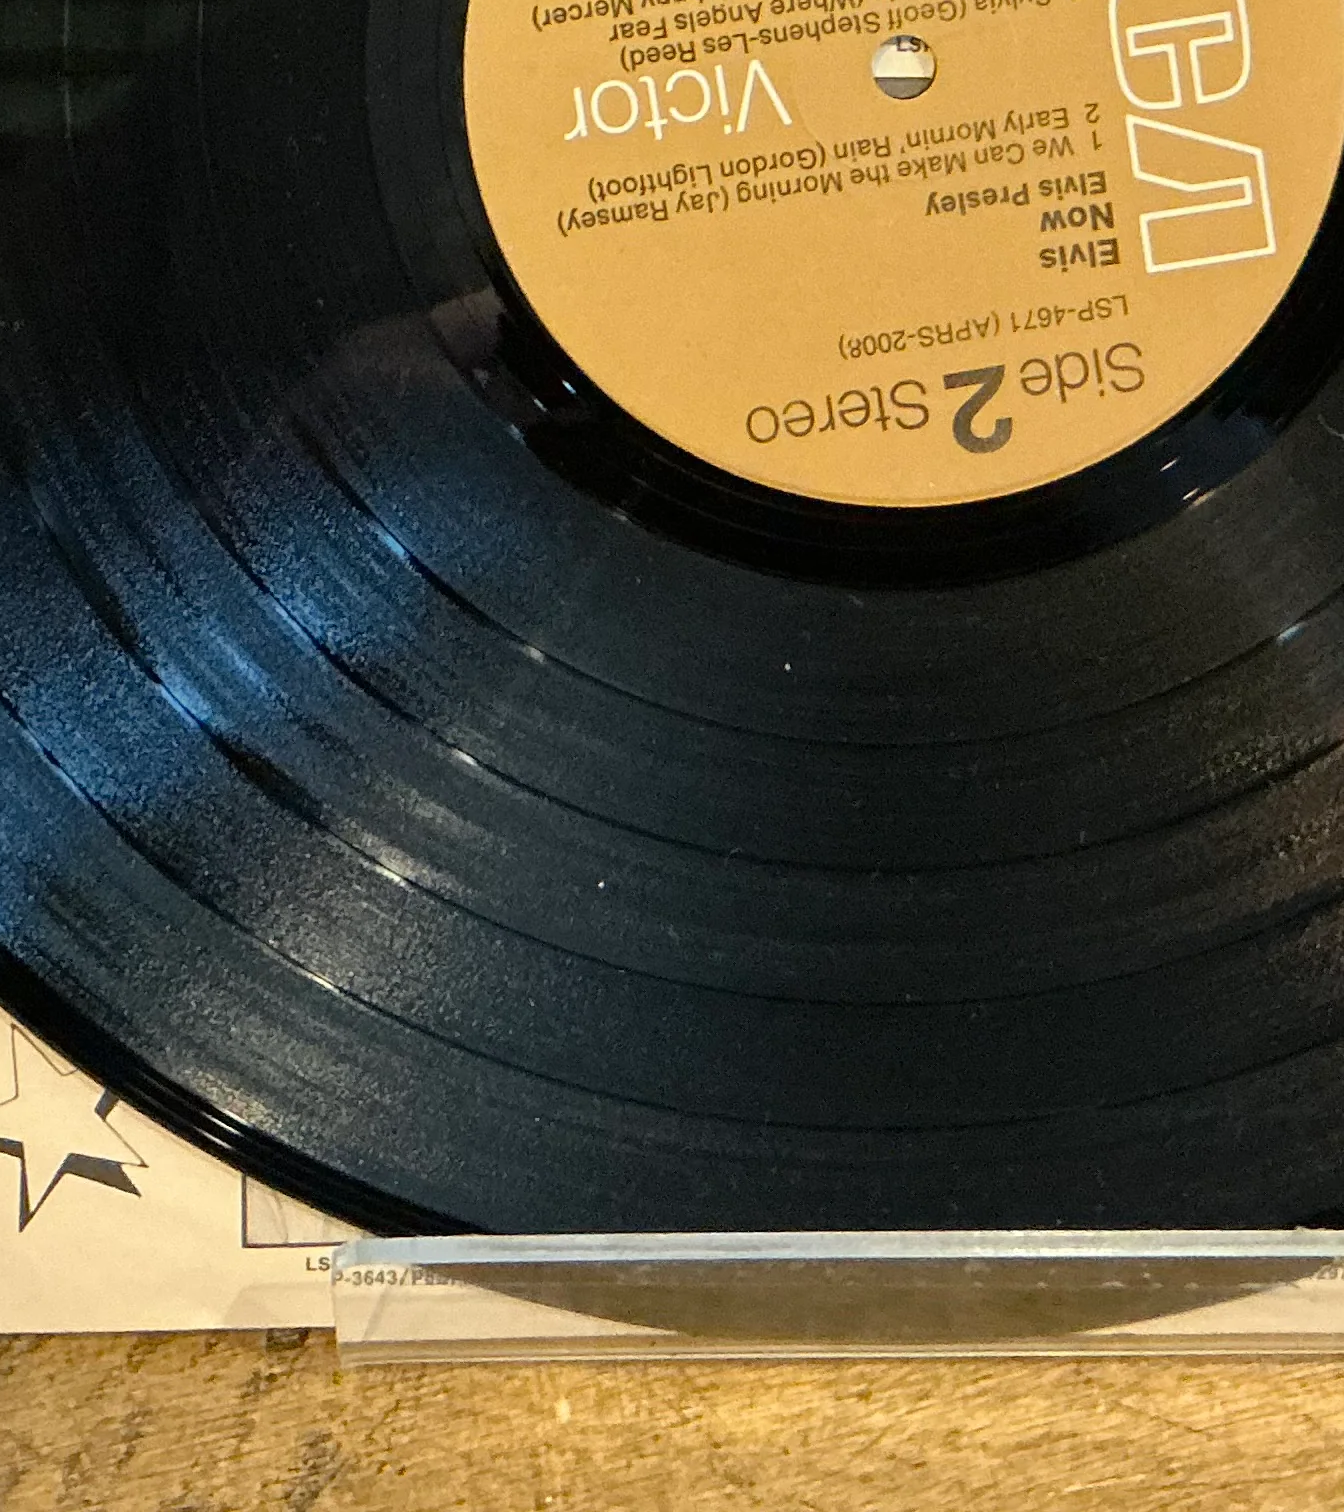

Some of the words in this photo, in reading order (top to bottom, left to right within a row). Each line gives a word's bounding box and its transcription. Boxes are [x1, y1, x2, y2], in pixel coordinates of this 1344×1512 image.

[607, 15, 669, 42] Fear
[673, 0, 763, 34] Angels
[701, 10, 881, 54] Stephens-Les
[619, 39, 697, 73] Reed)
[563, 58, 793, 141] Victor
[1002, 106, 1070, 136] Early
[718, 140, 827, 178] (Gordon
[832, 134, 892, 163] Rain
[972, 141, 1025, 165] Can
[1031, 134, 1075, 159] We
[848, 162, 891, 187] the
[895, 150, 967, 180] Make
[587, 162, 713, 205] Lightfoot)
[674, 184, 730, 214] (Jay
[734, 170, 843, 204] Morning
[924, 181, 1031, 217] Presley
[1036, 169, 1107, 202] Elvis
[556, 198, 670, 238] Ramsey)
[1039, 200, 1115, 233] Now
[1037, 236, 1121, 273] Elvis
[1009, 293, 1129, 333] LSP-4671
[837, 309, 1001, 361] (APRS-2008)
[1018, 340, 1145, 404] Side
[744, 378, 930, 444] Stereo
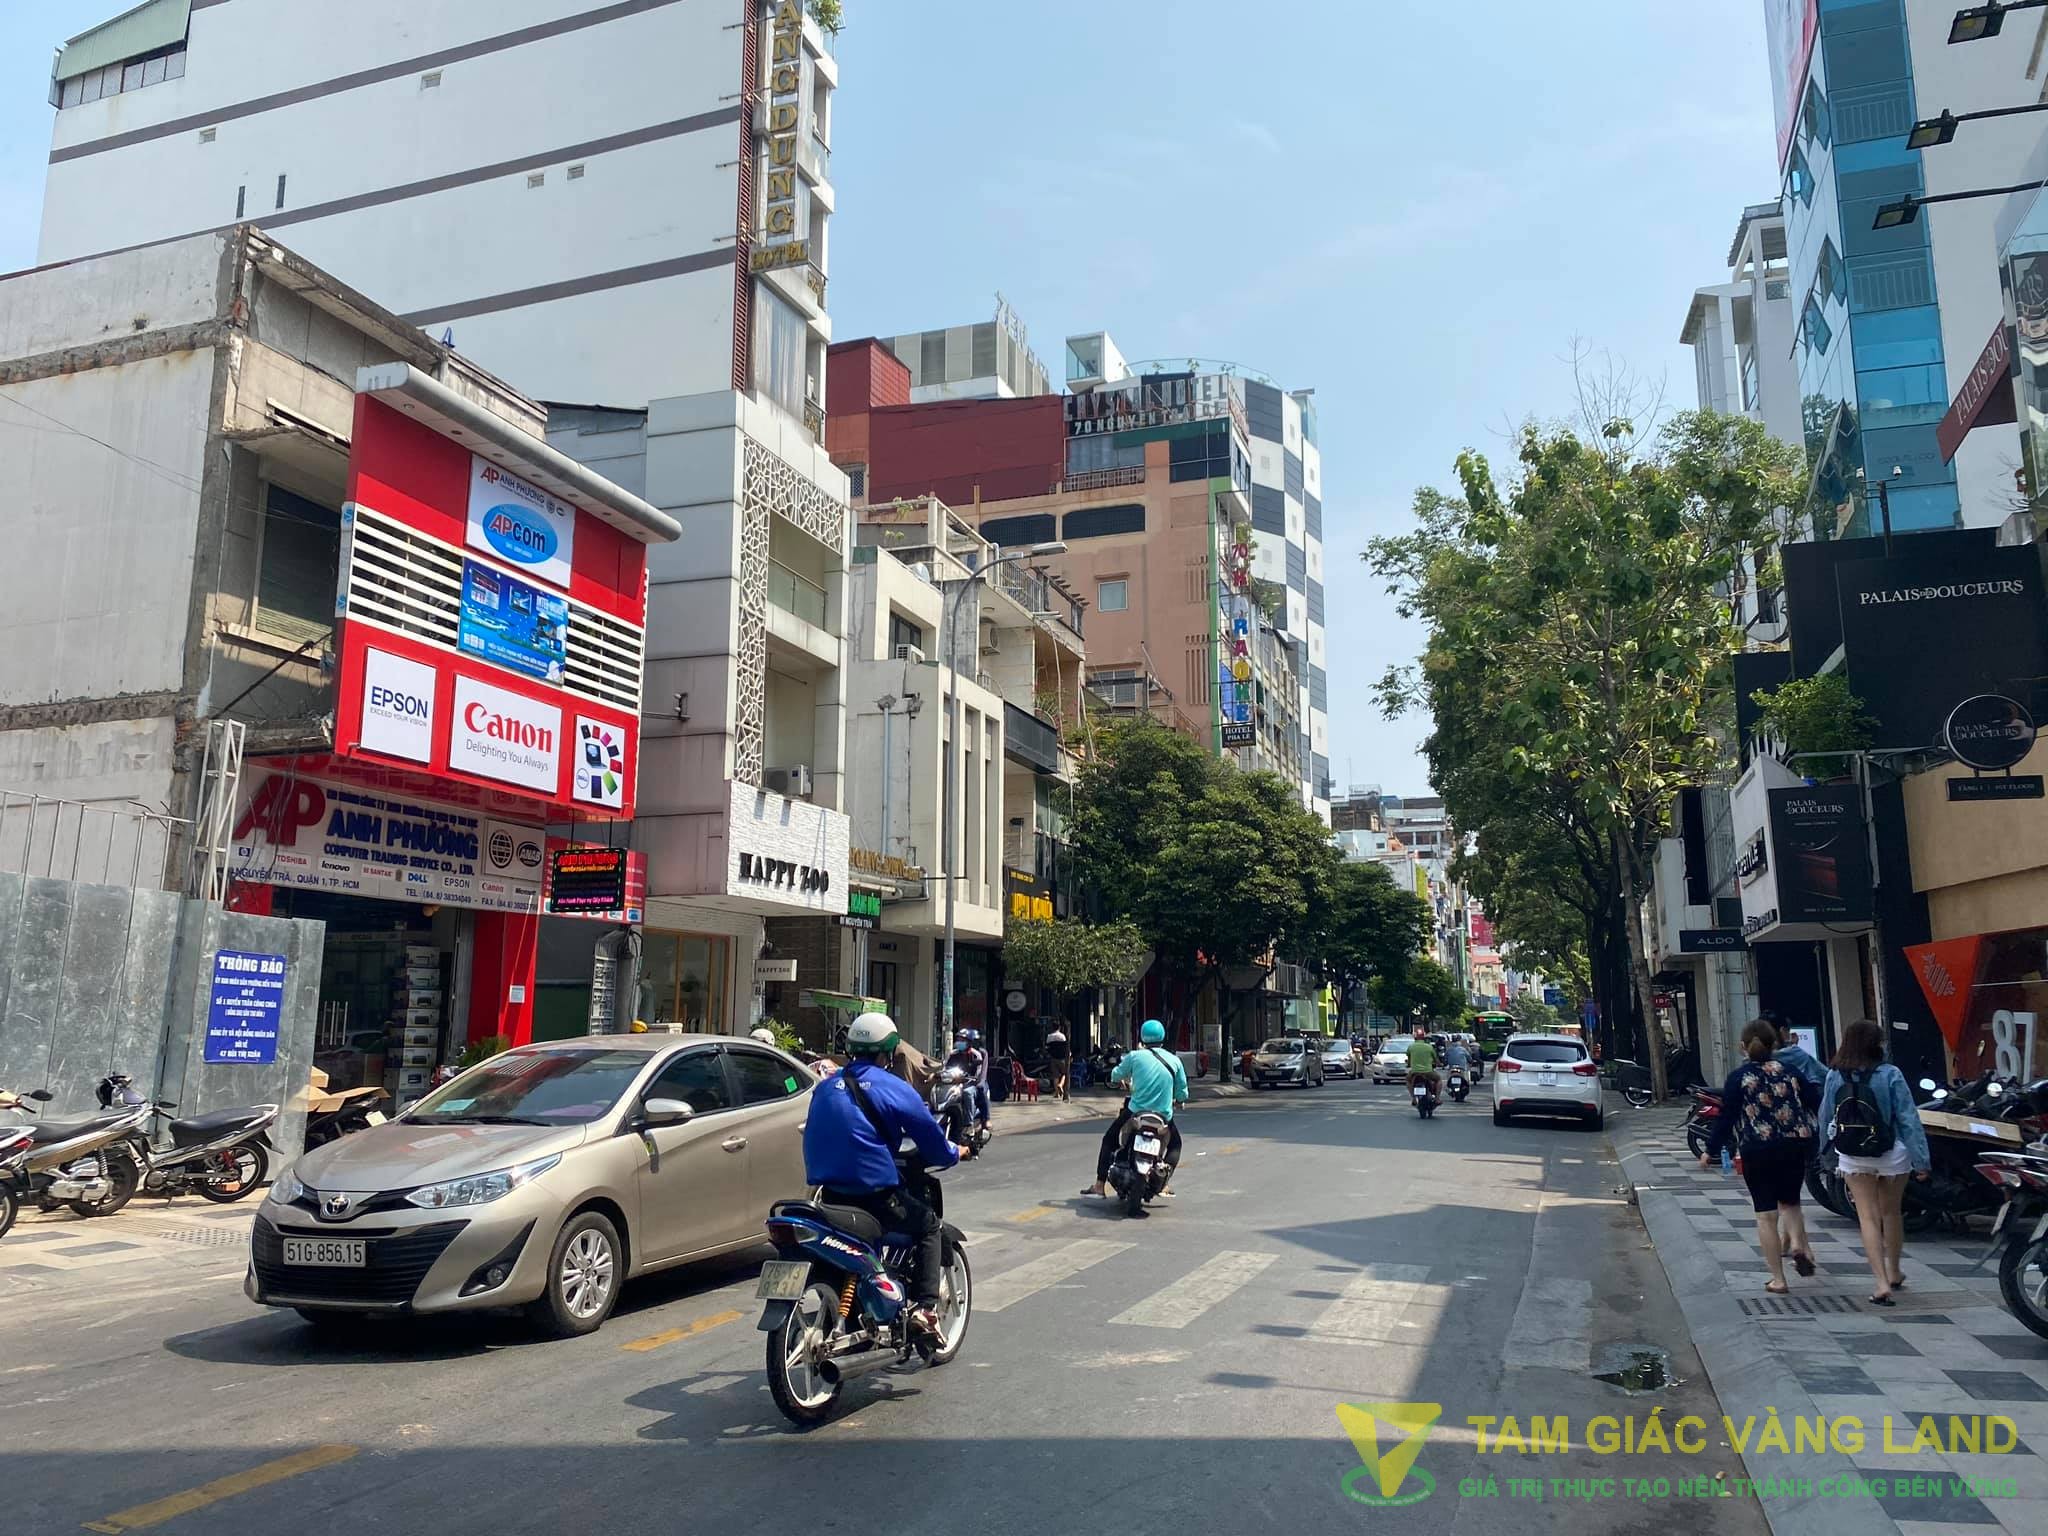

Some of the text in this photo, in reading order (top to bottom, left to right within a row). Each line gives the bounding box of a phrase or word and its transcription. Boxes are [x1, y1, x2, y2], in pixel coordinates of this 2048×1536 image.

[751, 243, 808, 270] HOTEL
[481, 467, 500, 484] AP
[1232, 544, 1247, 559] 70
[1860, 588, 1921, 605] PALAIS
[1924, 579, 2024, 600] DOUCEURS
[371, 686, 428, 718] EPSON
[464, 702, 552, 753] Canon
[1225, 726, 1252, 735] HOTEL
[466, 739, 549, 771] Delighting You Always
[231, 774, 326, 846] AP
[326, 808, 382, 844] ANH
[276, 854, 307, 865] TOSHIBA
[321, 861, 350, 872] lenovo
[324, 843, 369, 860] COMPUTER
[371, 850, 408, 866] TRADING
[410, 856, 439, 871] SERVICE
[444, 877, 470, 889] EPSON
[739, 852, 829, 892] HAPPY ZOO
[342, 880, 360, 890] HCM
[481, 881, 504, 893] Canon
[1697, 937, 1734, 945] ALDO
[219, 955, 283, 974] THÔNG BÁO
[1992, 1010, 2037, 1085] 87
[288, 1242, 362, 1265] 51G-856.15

__What is needed__. Send back, unchanged, every line of the records from the one with "Some of the text" through the last.

__Completed task__.
Some of the text in this photo, in reading order (top to bottom, left to right within a row). Each line gives the bounding box of a phrase or word and its transcription. Boxes are [x1, y1, x2, y2], in pixel coordinates of this 2048×1536 image.

[751, 243, 808, 270] HOTEL
[481, 467, 500, 484] AP
[1232, 544, 1247, 559] 70
[1860, 588, 1921, 605] PALAIS
[1924, 579, 2024, 600] DOUCEURS
[371, 686, 428, 718] EPSON
[464, 702, 552, 753] Canon
[1225, 726, 1252, 735] HOTEL
[466, 739, 549, 771] Delighting You Always
[231, 774, 326, 846] AP
[326, 808, 382, 844] ANH
[276, 854, 307, 865] TOSHIBA
[321, 861, 350, 872] lenovo
[324, 843, 369, 860] COMPUTER
[371, 850, 408, 866] TRADING
[410, 856, 439, 871] SERVICE
[444, 877, 470, 889] EPSON
[739, 852, 829, 892] HAPPY ZOO
[342, 880, 360, 890] HCM
[481, 881, 504, 893] Canon
[1697, 937, 1734, 945] ALDO
[219, 955, 283, 974] THÔNG BÁO
[1992, 1010, 2037, 1085] 87
[288, 1242, 362, 1265] 51G-856.15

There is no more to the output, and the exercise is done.